• [What is being asked]:
Extract all records. Keep each one exact.

• [Data for this task]:
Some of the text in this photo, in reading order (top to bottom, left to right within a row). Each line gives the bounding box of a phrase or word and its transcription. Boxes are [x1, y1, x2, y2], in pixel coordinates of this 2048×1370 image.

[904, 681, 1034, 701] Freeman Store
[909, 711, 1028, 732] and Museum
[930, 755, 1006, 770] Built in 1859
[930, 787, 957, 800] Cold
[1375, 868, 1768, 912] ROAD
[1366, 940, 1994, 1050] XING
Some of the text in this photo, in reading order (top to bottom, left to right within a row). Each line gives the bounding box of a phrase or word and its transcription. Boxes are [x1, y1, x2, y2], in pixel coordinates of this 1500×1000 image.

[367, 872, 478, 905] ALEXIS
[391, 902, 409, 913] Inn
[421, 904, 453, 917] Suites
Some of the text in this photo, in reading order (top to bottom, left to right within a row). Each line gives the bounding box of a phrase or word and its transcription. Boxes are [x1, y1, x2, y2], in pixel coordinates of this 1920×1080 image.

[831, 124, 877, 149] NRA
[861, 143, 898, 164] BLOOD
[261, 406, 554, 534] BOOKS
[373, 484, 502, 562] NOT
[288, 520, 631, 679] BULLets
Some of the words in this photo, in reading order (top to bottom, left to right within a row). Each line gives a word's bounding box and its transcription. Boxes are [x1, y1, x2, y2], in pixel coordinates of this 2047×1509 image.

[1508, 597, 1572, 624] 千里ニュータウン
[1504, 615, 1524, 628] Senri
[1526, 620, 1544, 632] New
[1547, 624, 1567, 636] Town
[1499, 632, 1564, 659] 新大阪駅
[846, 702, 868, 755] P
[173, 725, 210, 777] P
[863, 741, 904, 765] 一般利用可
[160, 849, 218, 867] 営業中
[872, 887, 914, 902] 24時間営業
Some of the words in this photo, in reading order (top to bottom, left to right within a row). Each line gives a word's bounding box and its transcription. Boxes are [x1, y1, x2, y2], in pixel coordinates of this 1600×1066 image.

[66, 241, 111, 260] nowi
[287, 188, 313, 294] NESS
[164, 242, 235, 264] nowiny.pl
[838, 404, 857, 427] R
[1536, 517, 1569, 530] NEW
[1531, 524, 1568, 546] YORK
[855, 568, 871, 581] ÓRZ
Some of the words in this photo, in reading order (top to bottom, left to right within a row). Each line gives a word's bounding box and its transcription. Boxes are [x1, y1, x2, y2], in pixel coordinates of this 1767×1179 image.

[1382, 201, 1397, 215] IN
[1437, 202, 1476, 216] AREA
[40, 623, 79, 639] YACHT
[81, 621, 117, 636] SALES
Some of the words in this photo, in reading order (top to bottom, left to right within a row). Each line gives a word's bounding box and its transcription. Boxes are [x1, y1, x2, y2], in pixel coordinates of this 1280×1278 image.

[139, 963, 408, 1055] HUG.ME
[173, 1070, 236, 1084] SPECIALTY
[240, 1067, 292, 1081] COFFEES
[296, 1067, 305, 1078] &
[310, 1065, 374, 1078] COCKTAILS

• [Task response]:
Some of the text in this photo, in reading order (top to bottom, left to right within a row). Each line gives the bounding box of a phrase or word and its transcription. Boxes are [x1, y1, x2, y2], in pixel coordinates of this 2048×1370 image.

[904, 681, 1034, 701] Freeman Store
[909, 711, 1028, 732] and Museum
[930, 755, 1006, 770] Built in 1859
[930, 787, 957, 800] Cold
[1375, 868, 1768, 912] ROAD
[1366, 940, 1994, 1050] XING
Some of the text in this photo, in reading order (top to bottom, left to right within a row). Each line gives the bounding box of a phrase or word and its transcription. Boxes are [x1, y1, x2, y2], in pixel coordinates of this 1500×1000 image.

[367, 872, 478, 905] ALEXIS
[391, 902, 409, 913] Inn
[421, 904, 453, 917] Suites
Some of the text in this photo, in reading order (top to bottom, left to right within a row). Each line gives the bounding box of a phrase or word and its transcription. Boxes are [x1, y1, x2, y2], in pixel coordinates of this 1920×1080 image.

[831, 124, 877, 149] NRA
[861, 143, 898, 164] BLOOD
[261, 406, 554, 534] BOOKS
[373, 484, 502, 562] NOT
[288, 520, 631, 679] BULLets
Some of the words in this photo, in reading order (top to bottom, left to right within a row). Each line gives a word's bounding box and its transcription. Boxes are [x1, y1, x2, y2], in pixel coordinates of this 2047×1509 image.

[1508, 597, 1572, 624] 千里ニュータウン
[1504, 615, 1524, 628] Senri
[1526, 620, 1544, 632] New
[1547, 624, 1567, 636] Town
[1499, 632, 1564, 659] 新大阪駅
[846, 702, 868, 755] P
[173, 725, 210, 777] P
[863, 741, 904, 765] 一般利用可
[160, 849, 218, 867] 営業中
[872, 887, 914, 902] 24時間営業
Some of the words in this photo, in reading order (top to bottom, left to right within a row). Each line gives a word's bounding box and its transcription. Boxes are [x1, y1, x2, y2], in pixel coordinates of this 1600×1066 image.

[66, 241, 111, 260] nowi
[287, 188, 313, 294] NESS
[164, 242, 235, 264] nowiny.pl
[838, 404, 857, 427] R
[1536, 517, 1569, 530] NEW
[1531, 524, 1568, 546] YORK
[855, 568, 871, 581] ÓRZ
Some of the words in this photo, in reading order (top to bottom, left to right within a row). Each line gives a word's bounding box and its transcription. Boxes are [x1, y1, x2, y2], in pixel coordinates of this 1767×1179 image.

[1382, 201, 1397, 215] IN
[1437, 202, 1476, 216] AREA
[40, 623, 79, 639] YACHT
[81, 621, 117, 636] SALES
Some of the words in this photo, in reading order (top to bottom, left to right within a row). Each line gives a word's bounding box and its transcription. Boxes are [x1, y1, x2, y2], in pixel coordinates of this 1280×1278 image.

[139, 963, 408, 1055] HUG.ME
[173, 1070, 236, 1084] SPECIALTY
[240, 1067, 292, 1081] COFFEES
[296, 1067, 305, 1078] &
[310, 1065, 374, 1078] COCKTAILS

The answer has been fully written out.